Gala_Sanchez_Montero
Rango10 Nivel 49
hace alrededor de 1 mes

-"TIC-genealogía de la bestia-TAC": tiene 6 años en los hechos narrados. Lo escribe en retrospectiva a los 18 tras su primera bajada a los infiernos y en plena crisis existencial por ella. para tratar de reflexionar sobre lo que le ha llevado a ese punto.

-"Réquiem por el Maestro Titiritero": lo escribe a los 18 años, son las reflexiones que acompañan a los episodios de su vida narrados en "TIC-genealogía de la bestia-TAC" (en realidad son el mismo libro, pero pongo las reflexiones por un lado y los hechos por otros para poder ir avanzando en ambos).

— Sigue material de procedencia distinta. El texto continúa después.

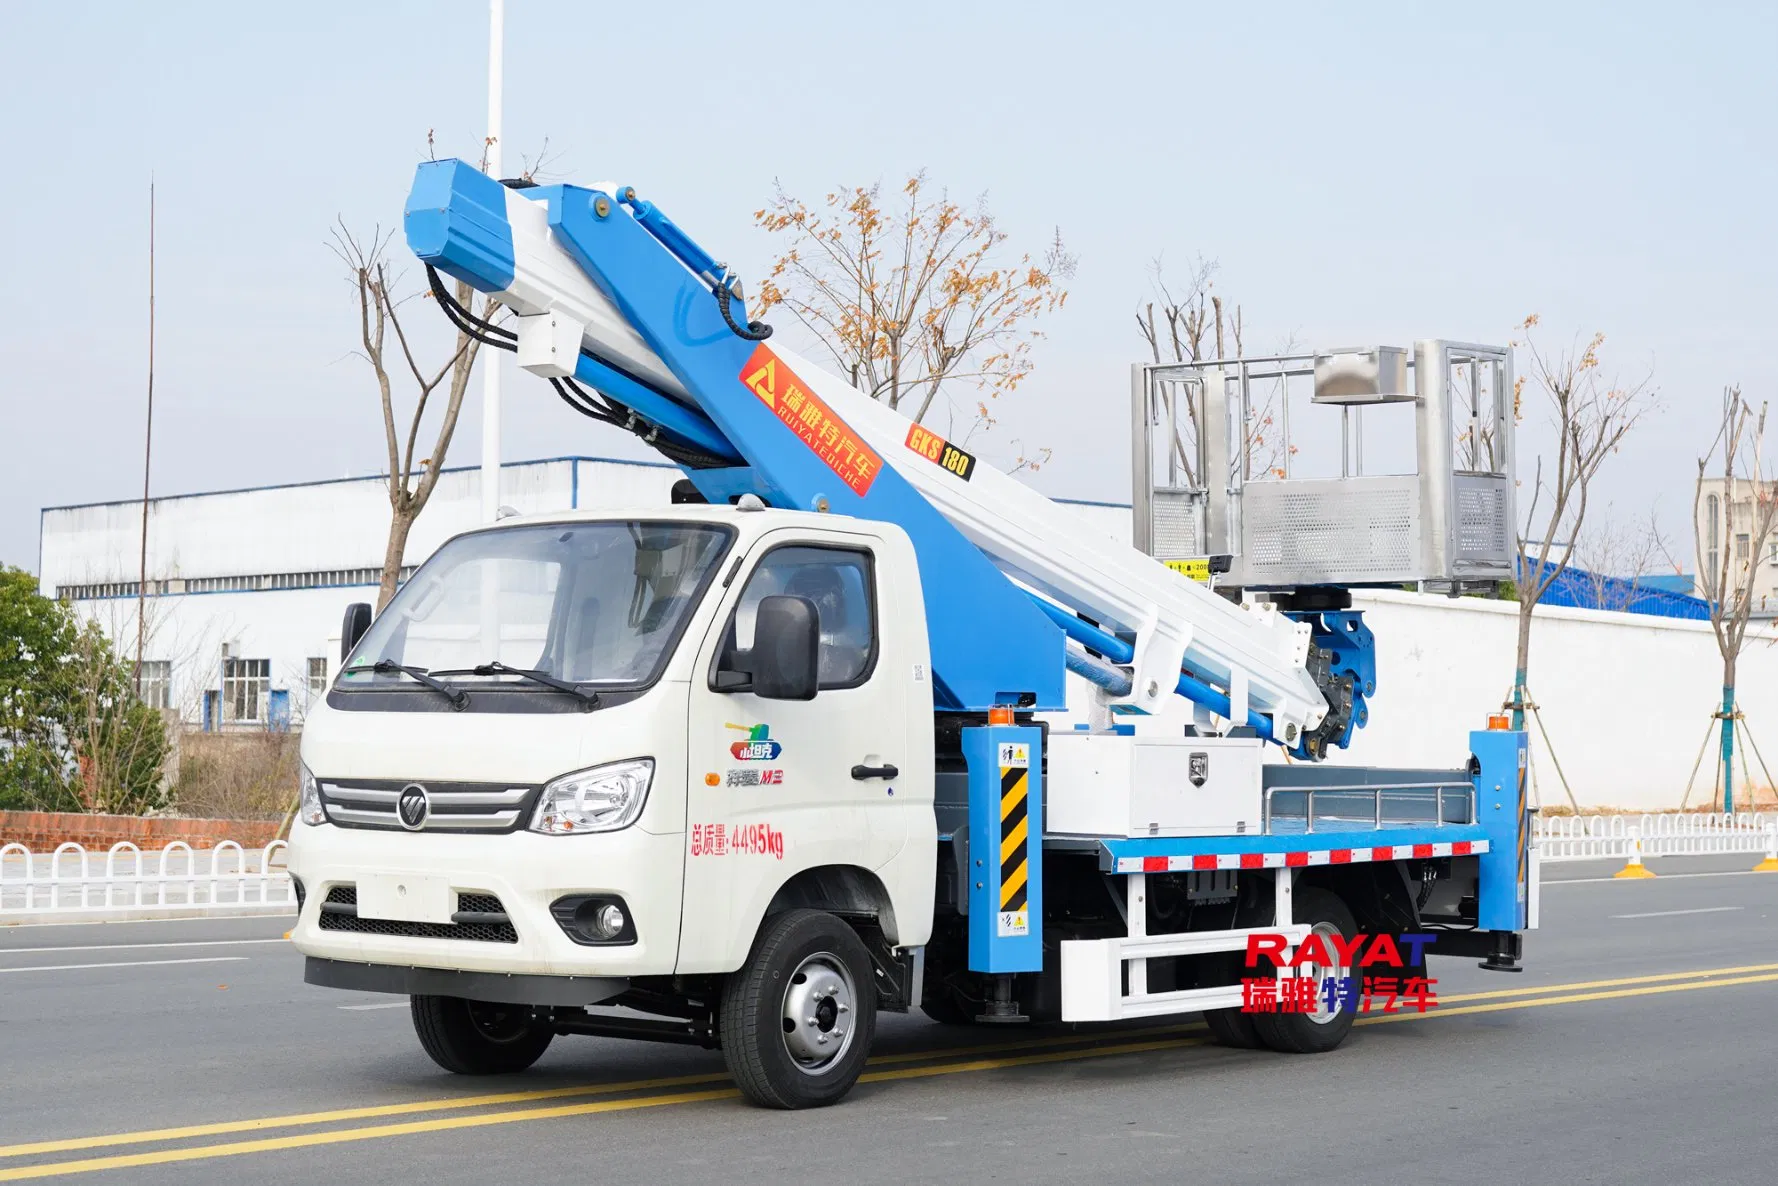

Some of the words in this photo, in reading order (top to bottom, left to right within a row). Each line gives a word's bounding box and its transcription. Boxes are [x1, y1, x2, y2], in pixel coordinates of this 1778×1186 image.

[778, 406, 866, 489] RUIYATEQICHE
[781, 384, 880, 480] 瑞雅特汽车
[910, 429, 941, 460] GKS
[942, 447, 969, 476] 180
[739, 742, 773, 759] 小坦克

-"Ideas universales del búho anacoreta": lo escribe con 11-12 años, cuando está en el manicomio debido a que no es capaz de "procesar" la muerte de la madre ni mucho menos superar él solo el duelo (el padre cambia tras la muerte de la madre: no cuenta con su apoyo, más bien con su rechazo). Lo hace para tratar de sistematizar su mundo metafórico y sus ideas más metafísicas (presocrático) con el objetivo de tratar de entender y averiguar "a dónde" ha ido su madre y "por qué" se ha ido dejándole solo.

-"Entrevista a Sísifo": esto forma ya parte de la novela, por eso está escrito en tercera persona. Sucede a los 25 años, cuando ya ha hecho su Gran Show y ya es famoso y reconocido nacional e internacionalmente. Su música y él bajo el pseudónimo de Sísifo se han convertido en un fenómeno de masas: como músico ha iniciado una auténtica revolución con su concepto musical que ha puesto el mundo del arte patas arriba; como persona se convierte en un misterio inalcanzable e insondable más allá de lo que él revela a través de su música, un artista maldito, tan odiado como admirado por su estilo y filosofía de vida; además se convierte en un fetiche tanto para hombres como para mujeres y sobre todo para el mundo LGTBI+ que tras su Show lo convierten con su apoyo indiscutible en referente y líder del movimiento Queer; cosa que evidentemente él aprovecha para exponer sus ideas acerca del género, la sexualidad y para cargar duramente contra la monogamia, defendiendo modelos de relaciones más acorde con la naturaleza humana como las relaciones abiertas o el poliamor (a lo largo de su vida son constantes las reflexiones y revisión personal de estos conceptos, tanto sobre su género, como sobre su la sexualidad, y el no a la monogamia; aprovecha su fama para revelar sus conclusiones al respecto, pues cree que de los deseos reprimidos y de la negación de la naturaleza animal del ser humano es de donde surgen los problemas en el individuo y por tanto en la sociedad).

-"Carta a Hades": la escribe con 23 años y se la deja en la Cubierta a Hades antes de irse al Tíbet con Manish (un viaje de meditación con el objetivo de personarse a sí mismo y así poder iniciar su relación con el Rojo: es la condición que él mismo se autoimpone para evitar hacerle daño). Se la deja para que la lea junto con el libro de "Réquiem por el Maestro Titiritero" con el objetivo de que Hades, el Capitán, empatice con él de una vez por todas y le permita entrar en la tripulación (evidentemente no se fía de él). Quiere entrar en la tripulación porque cree en Manish y se siente preparado para mostrar su don al mundo: pero ni ha perdonado a los demás ni mucho menos a sí mismo y eso le impide tocar su música a la masa porque cree que no la merecen por el daño y el rechazo que le han hecho sufrir; él tampoco cree merecer su perdón por lo que hizo en su primera bajada a los infiernos, es lo que intenta superar en el Tíbet. Es útil leerlo para entender las relaciones entre los protagonistas y, sobre todo, la rivalidad entre Alan (nihilista negativo) y Hades (nihilista positivo).

-"Cartas a Sísifo": son cartas mías, de la autora, dirigidas al personaje (nihilista negativo) es un simple experimento, que me ayuda a "crear su voz".